DHJ-CAYB : un match interdit aux cardiaques.

Par : Abdellah Hanbali

Il y a plus d’une décennie et avec un partenaire de la stature de l’OCP, on s’est crus  détenir le club structuré auquel, plus rien ne manquait. Le club capable de jouer les premiers rôles dans notre Botola, mais aussi et surtout, le club qui allait imposer, doucement mais sûrement, son nom, parmi les habitués, pour ne pas dire les grands, du continent africain.

Certes, des matchs importants, des matchs barrages, des matchs où tout s’y joue,  toutes les équipes ont y à faire face.

Mais le hic, c’est qu’on n’aurait jamais cru le DHJ, se retrouver un jour, notamment avec un « entraineur » et un « directeur technique » qui coûtent, pas loin de 500 millions de centimes/an, jouer un match barrage… pour éviter la relégation.

On n’investit pas 500 millions de centimes dans un staff technique, surtout de cette trempe, si on n’a pas pour but de jouer les premiers rôles de la Botola.

On n’investit pas 500 millions de centimes/an, si on n’a pas les joueurs adéquats pour le faire.
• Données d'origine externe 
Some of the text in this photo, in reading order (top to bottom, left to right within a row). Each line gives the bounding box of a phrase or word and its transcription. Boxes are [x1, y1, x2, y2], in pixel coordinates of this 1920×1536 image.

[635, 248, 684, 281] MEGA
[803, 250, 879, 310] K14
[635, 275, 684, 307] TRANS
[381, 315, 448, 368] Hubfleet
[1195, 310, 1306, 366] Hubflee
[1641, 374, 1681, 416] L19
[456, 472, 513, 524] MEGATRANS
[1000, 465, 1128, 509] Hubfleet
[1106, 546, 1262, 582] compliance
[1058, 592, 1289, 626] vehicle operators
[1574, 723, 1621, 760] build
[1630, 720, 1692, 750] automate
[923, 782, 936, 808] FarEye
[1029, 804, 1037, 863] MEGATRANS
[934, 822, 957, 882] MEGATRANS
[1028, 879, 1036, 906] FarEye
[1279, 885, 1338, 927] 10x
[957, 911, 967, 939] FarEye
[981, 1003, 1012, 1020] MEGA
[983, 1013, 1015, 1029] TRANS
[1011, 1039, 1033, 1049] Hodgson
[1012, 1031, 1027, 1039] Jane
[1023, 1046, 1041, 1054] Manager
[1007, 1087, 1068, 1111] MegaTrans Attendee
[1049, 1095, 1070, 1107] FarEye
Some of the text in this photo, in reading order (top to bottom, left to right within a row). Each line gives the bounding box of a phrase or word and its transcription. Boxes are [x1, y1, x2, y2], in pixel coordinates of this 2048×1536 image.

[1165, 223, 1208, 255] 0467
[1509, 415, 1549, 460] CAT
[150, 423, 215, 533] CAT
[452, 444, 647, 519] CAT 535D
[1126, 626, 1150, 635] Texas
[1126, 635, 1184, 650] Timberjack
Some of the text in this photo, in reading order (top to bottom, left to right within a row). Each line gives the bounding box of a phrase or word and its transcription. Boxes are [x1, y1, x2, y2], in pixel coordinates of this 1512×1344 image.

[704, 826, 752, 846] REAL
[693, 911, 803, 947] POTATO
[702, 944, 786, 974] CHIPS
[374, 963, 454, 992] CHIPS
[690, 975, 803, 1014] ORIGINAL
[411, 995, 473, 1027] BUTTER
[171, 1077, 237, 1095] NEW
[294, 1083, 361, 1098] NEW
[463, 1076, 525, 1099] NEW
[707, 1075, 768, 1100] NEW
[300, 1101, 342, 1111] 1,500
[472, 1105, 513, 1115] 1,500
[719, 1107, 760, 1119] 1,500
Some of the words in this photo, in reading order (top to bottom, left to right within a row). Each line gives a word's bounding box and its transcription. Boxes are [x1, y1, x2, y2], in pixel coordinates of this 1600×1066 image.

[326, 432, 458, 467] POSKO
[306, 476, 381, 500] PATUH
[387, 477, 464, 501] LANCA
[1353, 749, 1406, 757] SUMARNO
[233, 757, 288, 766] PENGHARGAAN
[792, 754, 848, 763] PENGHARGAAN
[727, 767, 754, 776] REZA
Car après tout, c’est sur la pelouse que tout se joue et que c’est sur la pelouse que toutes les combinaisons doivent être exécutées.

En faisant le pari d’engager un staff technique nécessitant  un tel budget et des joueurs, juste moyens, n’avons-nous pas mis la charrue devant les bœufs, tout simplement ?

Bref, pour avoir ignoré les b-a-ba du football, on se retrouve relégué  aujourd’hui, à livrer un match de tous les dangers, un match qui décidera, en grande partie, de notre maintien ou de notre descente aux enfers.

 L’état de santé du DHJ, à l’heure qu’il est, est loin d’être bonne. Le club n’a pas gagné, un seul match depuis des mois. Et à l’heure actuelle, seuls les quelques points glanés lorsque Bahloul entrainait l’équipe par intérim  (Bencheikha était coincé en France à cause du covid) nous font garder espoir.

Certains diront que le dernier match du club était honorable. Oui, mais on a fini par perdre et à sortir du match avec zéro point. Les soubresauts d’un agonisant, n’ont jamais des signes de son retour à la vie. Et beaucoup d’équipes qui descendaient aux divisions inférieures, livraient de grands matchs, sans jamais avoir, ce coup de pouce, pour ne pas dire le joueur  manquant, capable de faire la différence ou/et parvenir à sauvegarder le score.

Qui sème le vent, récolte la tempête. Et au sein du DHJ, beaucoup d’erreurs ont été commises. Par ignorance ? Par incompétence ? Par intérêt? On n’est pas en mesure de pointer du doigt X ou Y sans preuve tangible. Seules des enquêtes approfondies, capables d’aller retrouver des joueurs qui ont joué à un moment ou un autre au club, sont à même de faire avancer cette enquête.

Malheureusement, quand on voit que ceux qui ont les moyens de mener ces enquêtes et mettre plus de lumière sur ces zones d’ombres, gardent le silence et leurs …distances, l’on se demande, si certains ne s’en f.. pas royalement, des destinées que prend  l’argent du contribuable dans notre Botola et notamment dans les recrutements et les ventes « bidons » des joueurs!